→ **Input data**:
------------------------------------
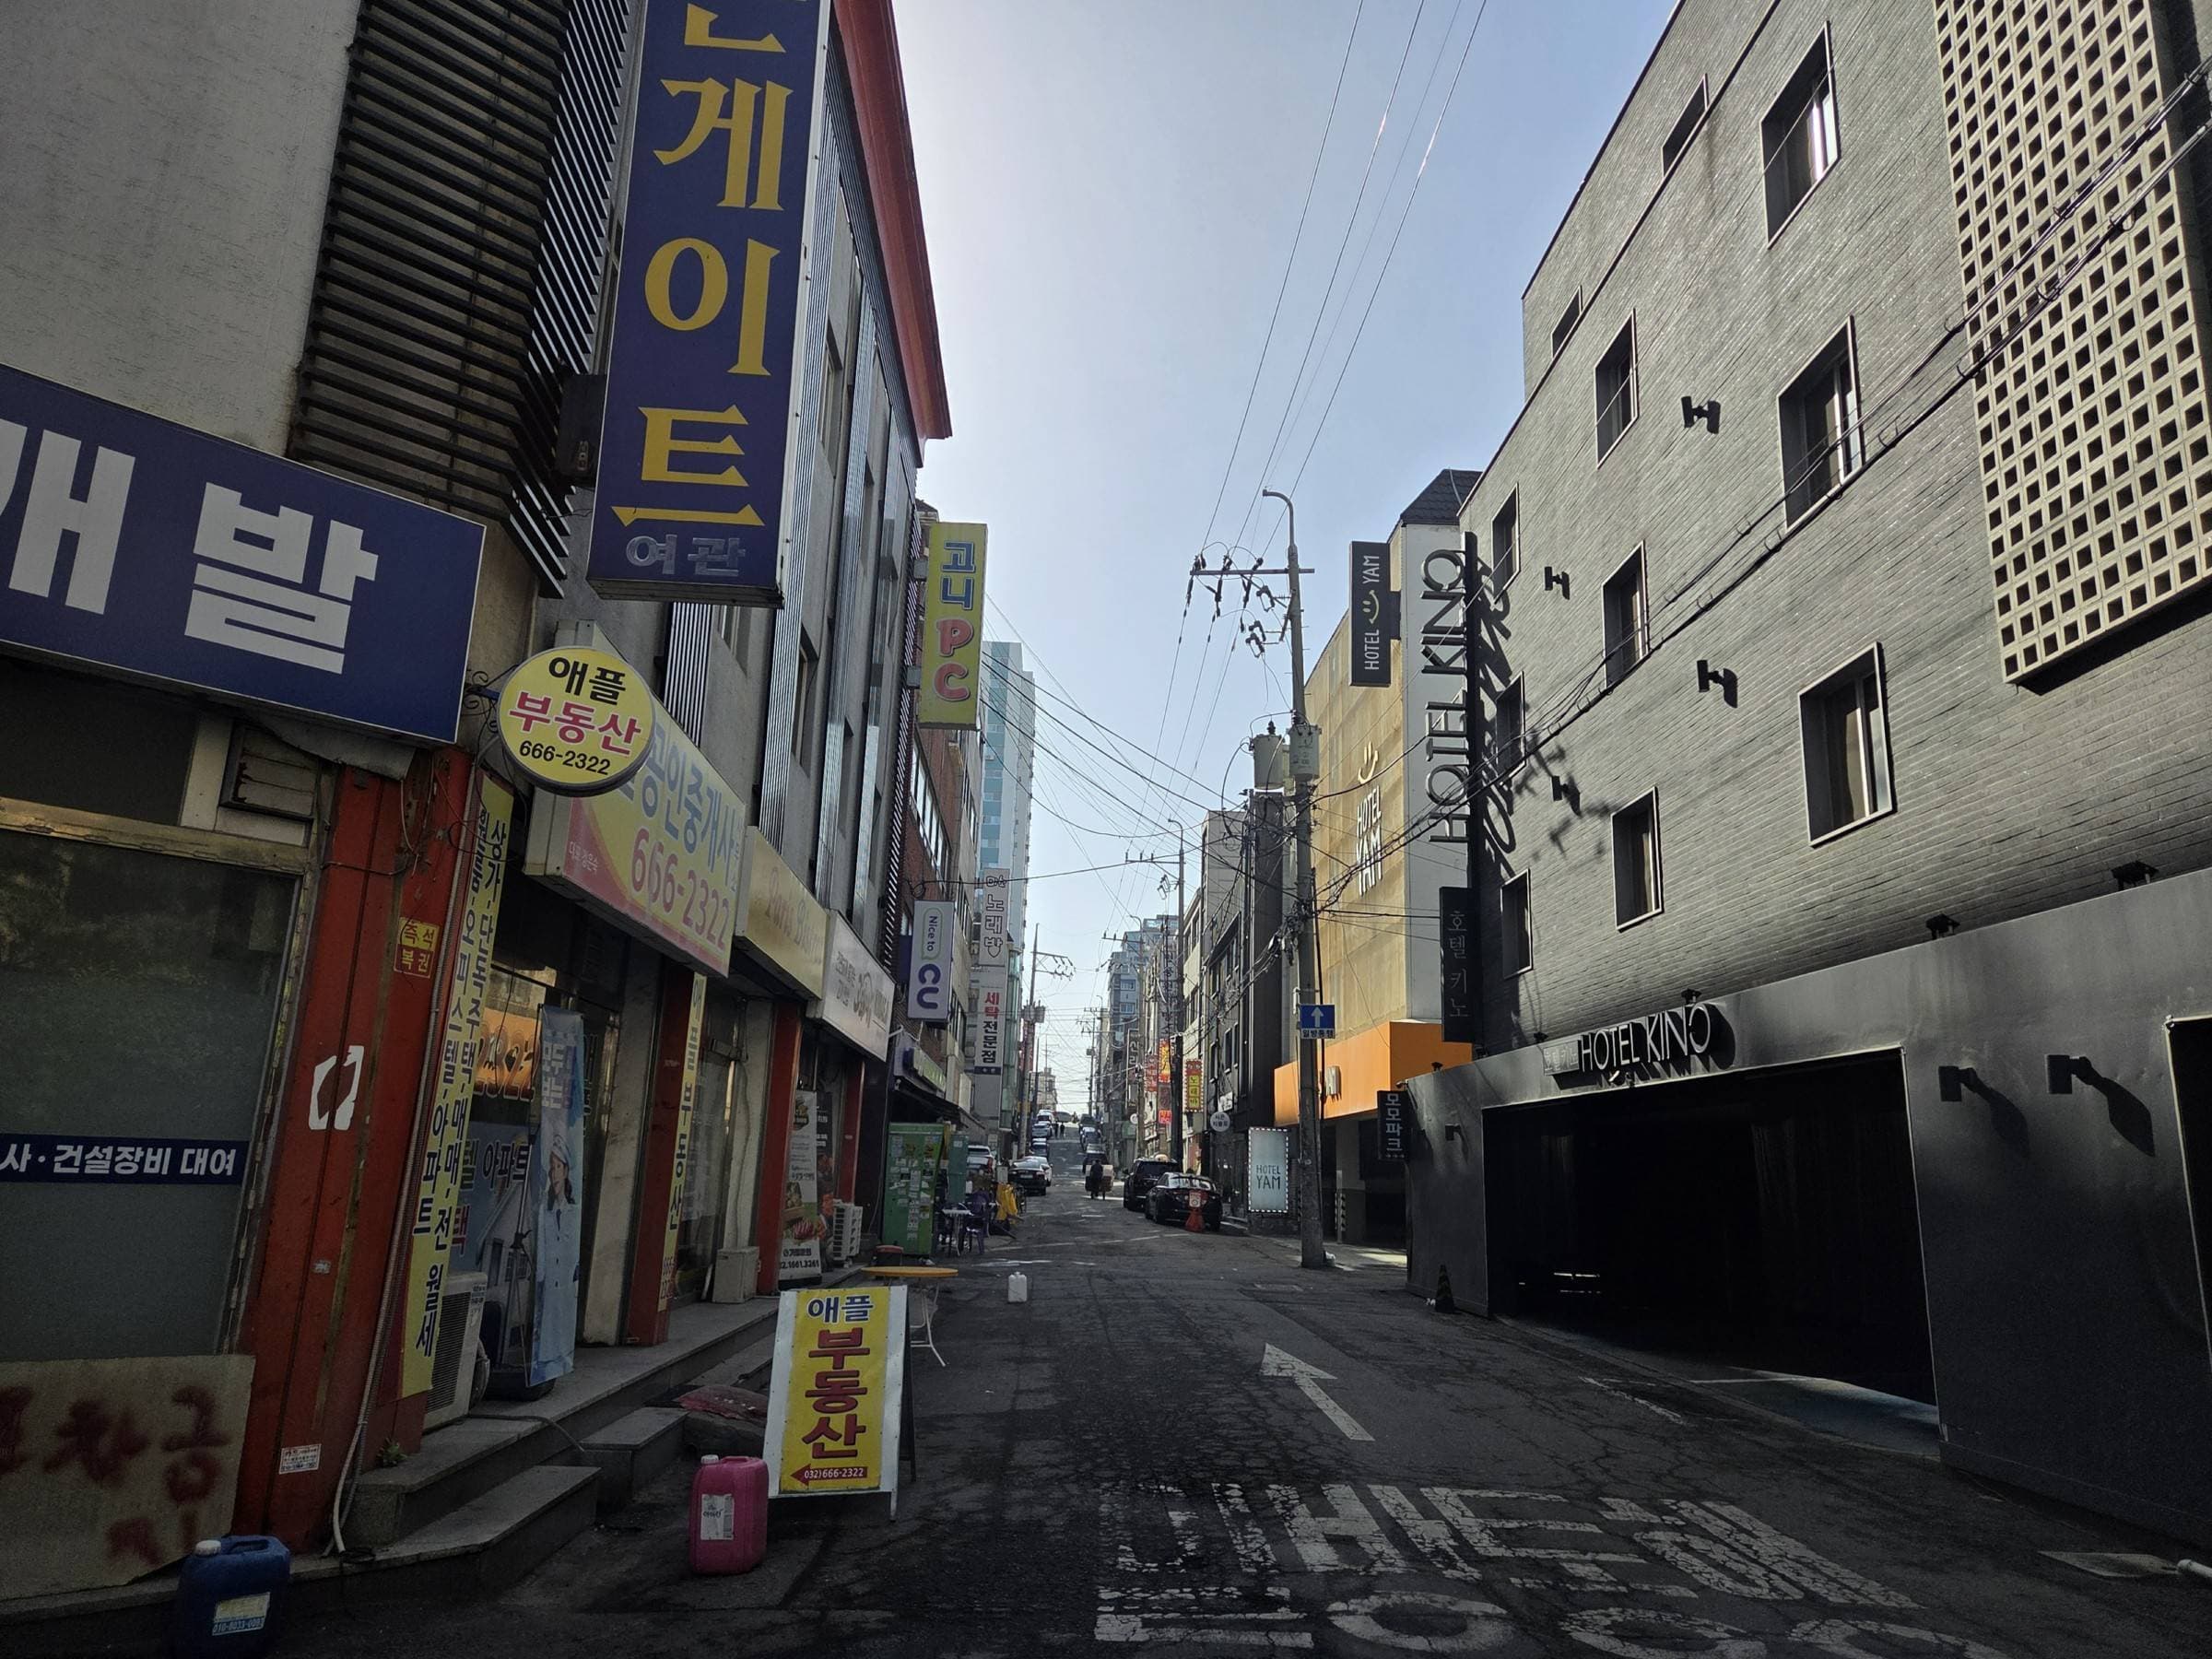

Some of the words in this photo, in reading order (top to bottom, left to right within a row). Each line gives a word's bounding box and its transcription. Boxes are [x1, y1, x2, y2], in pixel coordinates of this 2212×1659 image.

[625, 532, 747, 577] 여관
[1361, 554, 1381, 585] YAM
[1420, 548, 1468, 675] KINO
[934, 618, 974, 701] PC
[1363, 629, 1381, 671] HOTEL
[548, 656, 626, 706] 애플
[509, 690, 642, 756] 부동산
[518, 739, 612, 776] 666-2322
[1425, 700, 1470, 843] HOTEL
[1356, 785, 1382, 838] HOTEL
[1356, 825, 1382, 896] YAM
[631, 827, 730, 951] 666-2322
[926, 940, 935, 952] to
[927, 915, 938, 938] Nice
[984, 893, 1005, 959] 노래방
[1448, 910, 1468, 959] 호텔
[399, 947, 432, 974] 복권
[916, 963, 942, 1010] CU
[1449, 968, 1469, 1018] 키노
[1581, 1023, 1641, 1072] HOTEL
[1645, 1001, 1712, 1064] KINO
[1385, 1093, 1403, 1151] 모모파크
[179, 1147, 237, 1176] 대여
[482, 1138, 532, 1191] 아파트
[1256, 1164, 1281, 1175] HOTEL
[1256, 1175, 1281, 1191] YAM
[806, 1294, 875, 1324] 애플
[802, 1327, 870, 1460] 부동산
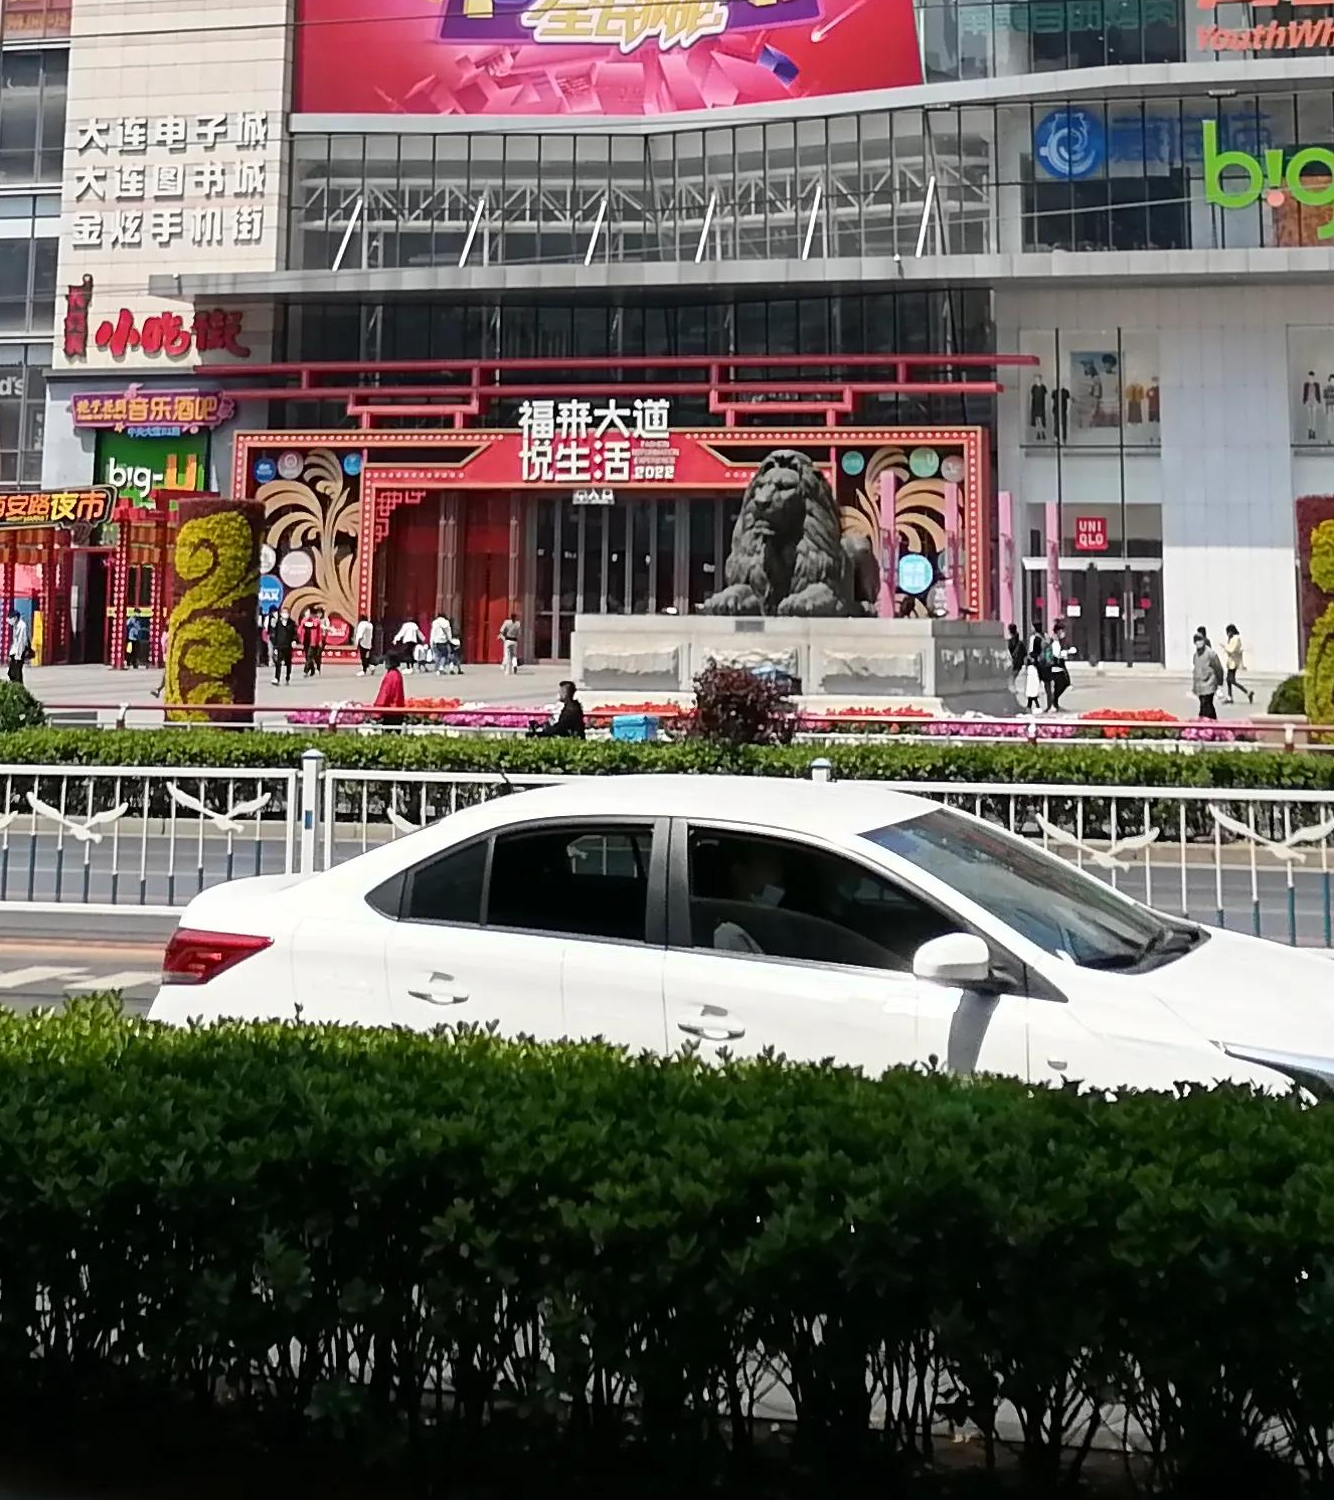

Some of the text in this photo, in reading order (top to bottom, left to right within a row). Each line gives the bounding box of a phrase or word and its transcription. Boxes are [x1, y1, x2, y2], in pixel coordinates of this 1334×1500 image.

[77, 111, 268, 153] 大连电子城
[75, 160, 267, 201] 大连图书城
[518, 399, 670, 439] 福来大道
[518, 439, 631, 481] 悦生活
[634, 465, 675, 480] 2022
[1079, 520, 1102, 532] UNI
[1079, 533, 1104, 548] QLO
------------------------------------
→ **Work request**: Repeat the material above word for word and skip every image in it.

→ **Written reply**:
Some of the words in this photo, in reading order (top to bottom, left to right within a row). Each line gives a word's bounding box and its transcription. Boxes are [x1, y1, x2, y2], in pixel coordinates of this 2212×1659 image.

[625, 532, 747, 577] 여관
[1361, 554, 1381, 585] YAM
[1420, 548, 1468, 675] KINO
[934, 618, 974, 701] PC
[1363, 629, 1381, 671] HOTEL
[548, 656, 626, 706] 애플
[509, 690, 642, 756] 부동산
[518, 739, 612, 776] 666-2322
[1425, 700, 1470, 843] HOTEL
[1356, 785, 1382, 838] HOTEL
[1356, 825, 1382, 896] YAM
[631, 827, 730, 951] 666-2322
[926, 940, 935, 952] to
[927, 915, 938, 938] Nice
[984, 893, 1005, 959] 노래방
[1448, 910, 1468, 959] 호텔
[399, 947, 432, 974] 복권
[916, 963, 942, 1010] CU
[1449, 968, 1469, 1018] 키노
[1581, 1023, 1641, 1072] HOTEL
[1645, 1001, 1712, 1064] KINO
[1385, 1093, 1403, 1151] 모모파크
[179, 1147, 237, 1176] 대여
[482, 1138, 532, 1191] 아파트
[1256, 1164, 1281, 1175] HOTEL
[1256, 1175, 1281, 1191] YAM
[806, 1294, 875, 1324] 애플
[802, 1327, 870, 1460] 부동산

Some of the text in this photo, in reading order (top to bottom, left to right within a row). Each line gives the bounding box of a phrase or word and its transcription. Boxes are [x1, y1, x2, y2], in pixel coordinates of this 1334×1500 image.

[77, 111, 268, 153] 大连电子城
[75, 160, 267, 201] 大连图书城
[518, 399, 670, 439] 福来大道
[518, 439, 631, 481] 悦生活
[634, 465, 675, 480] 2022
[1079, 520, 1102, 532] UNI
[1079, 533, 1104, 548] QLO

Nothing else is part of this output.